Os especialistas entrevistados pelo g1 citam características típicas dos sites com fraudes. Entre elas está:

a promessa de dinheiro fácil;

mensagens que criam sensação de urgência para te apressar a conseguir uma recompensa;

endereços sem contato de suporte ao consumidor, informações sobre cuidados com privacidade e uso dos dados.

Caso queira identificar outras deficiências técnicas de sites fraudulentos, é importante entender alguns conceitos básicos de hospedagem de sites e certificados de segurança.

A pedido da reportagem, o engenheiro da computação e chefe de Tecnologia da WibooCria, Edizon Basseto, apontou as fragilidades técnicas em um dos sites recomendados pelos youtubers.

A prioridade inicial é olhar se o site tem o protocolo "HTTPS", o "cadeado de segurança" que fica ao lado do endereço do site e garante que a conexão é segura.

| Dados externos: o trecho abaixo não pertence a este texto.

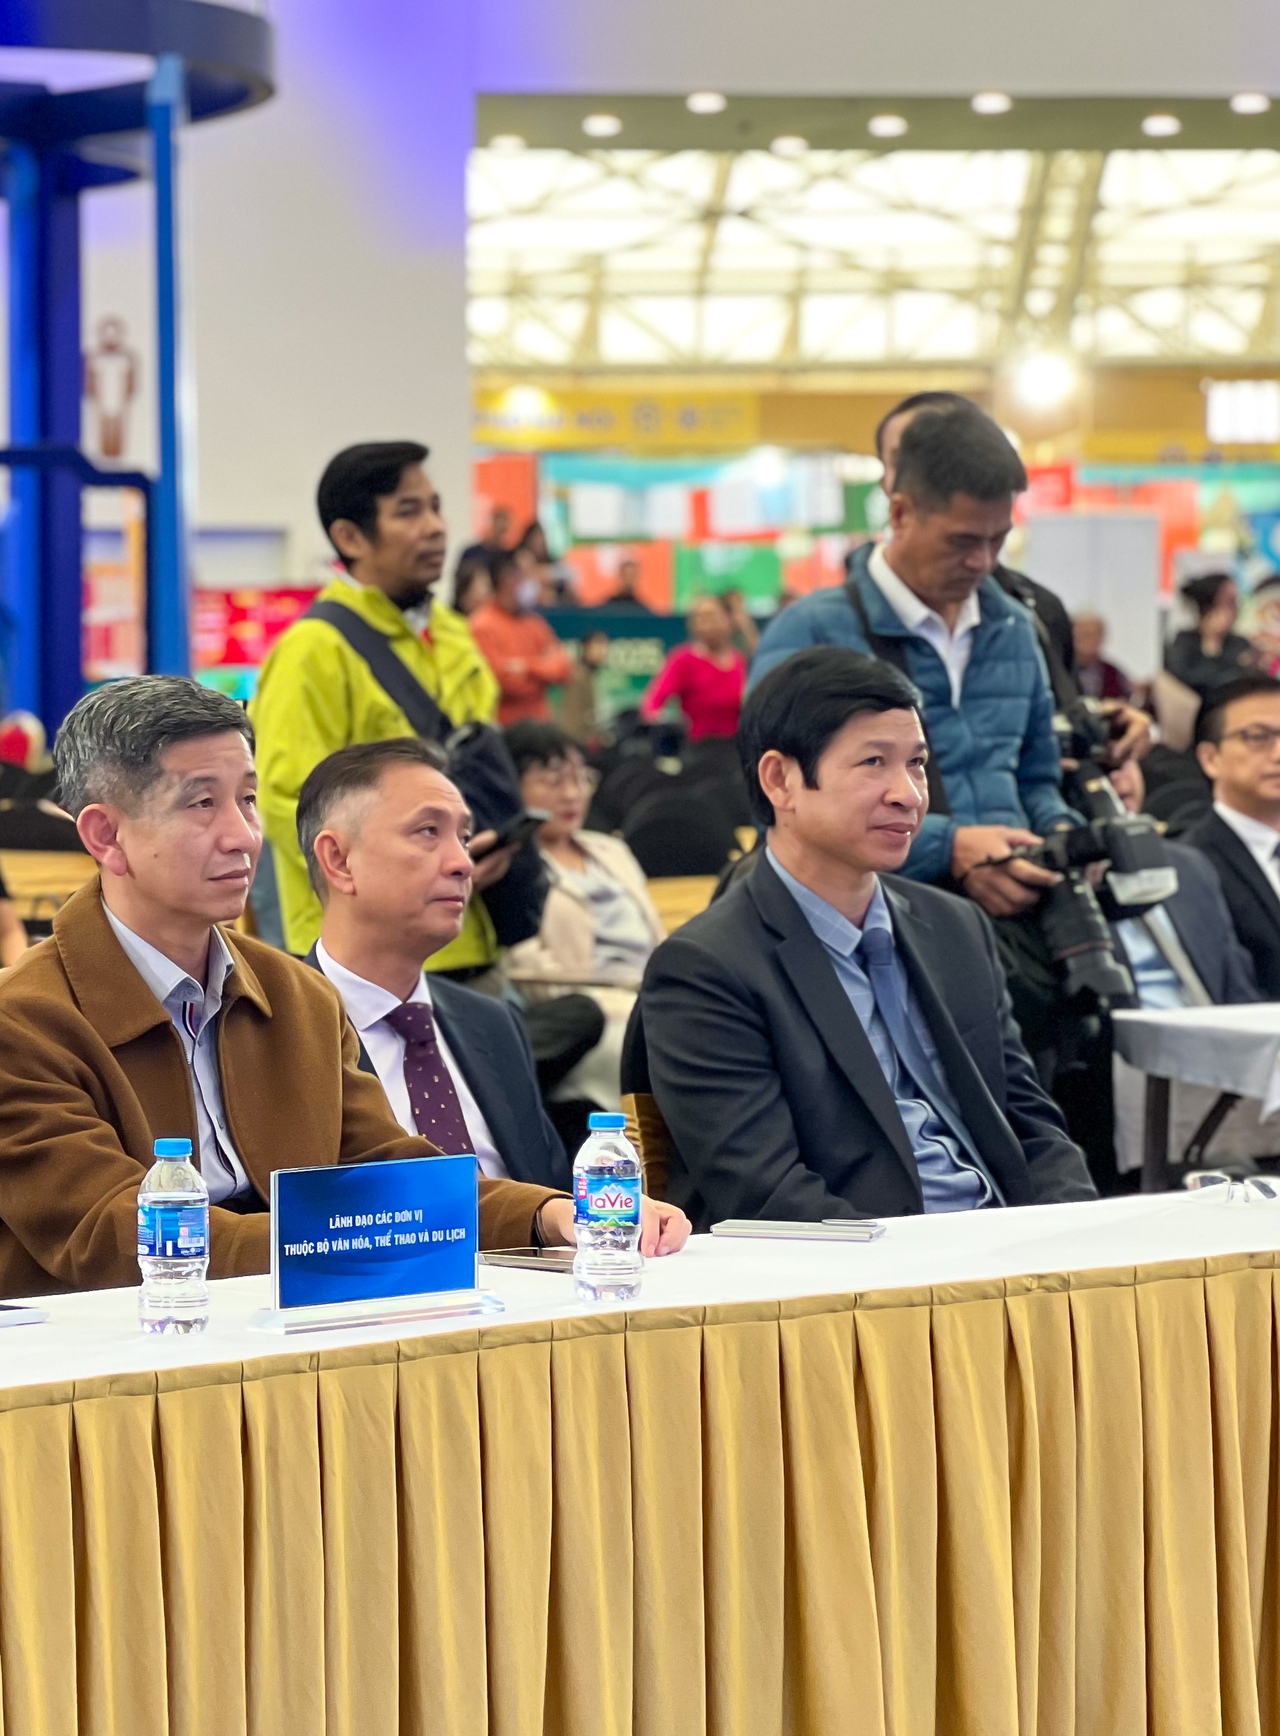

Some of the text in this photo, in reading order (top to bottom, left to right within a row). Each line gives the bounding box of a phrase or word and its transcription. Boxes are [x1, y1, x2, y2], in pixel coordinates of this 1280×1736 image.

"Sites com HTTPS têm sua comunicação criptografada, impedindo que invasores interceptem os dados transmitidos entre as duas partes", explica Basseto. "Não sendo [HTTPS], fuja."

Como um site associado à marca "Money Looks" tem esse protocolo de segurança, o especialista verificou outros pontos técnicos que demonstram a fragilidade da falsa promessa:

Ao clicar nos supostos "selos de segurança" do site, percebe-se que eles não passam de imagens, pontua Basseto. "Você não é levado para nenhum site que fez a análise real das fragilidades", explica;

O certificado de segurança do site ainda é emitido por uma empresa que cria o documento de forma gratuita, ou seja, qualquer pessoa pode gerar o documento para dizer que seu site é seguro.

Para verificar o certificado de segurança é necessário clicar no cadeado ao lado do endereço.

No Google Chrome, após clicar no cadeado, clique em "A conexão é segura" e depois em "O certificado é válido".

O que diz o Google

Por meio de assessoria de imprensa, o Google afirmou que os três aplicativos enviados pela reportagem foram removidos por violar as políticas da empresa.

Os vídeos do YouTube, no entanto, foram mantidos, por não violarem as diretrizes da plataforma. Veja abaixo o posicionamento completo da empresa sobre os aplicativos.

"Os aplicativos mencionados foram avaliado e removido por violar as políticas de Google Play.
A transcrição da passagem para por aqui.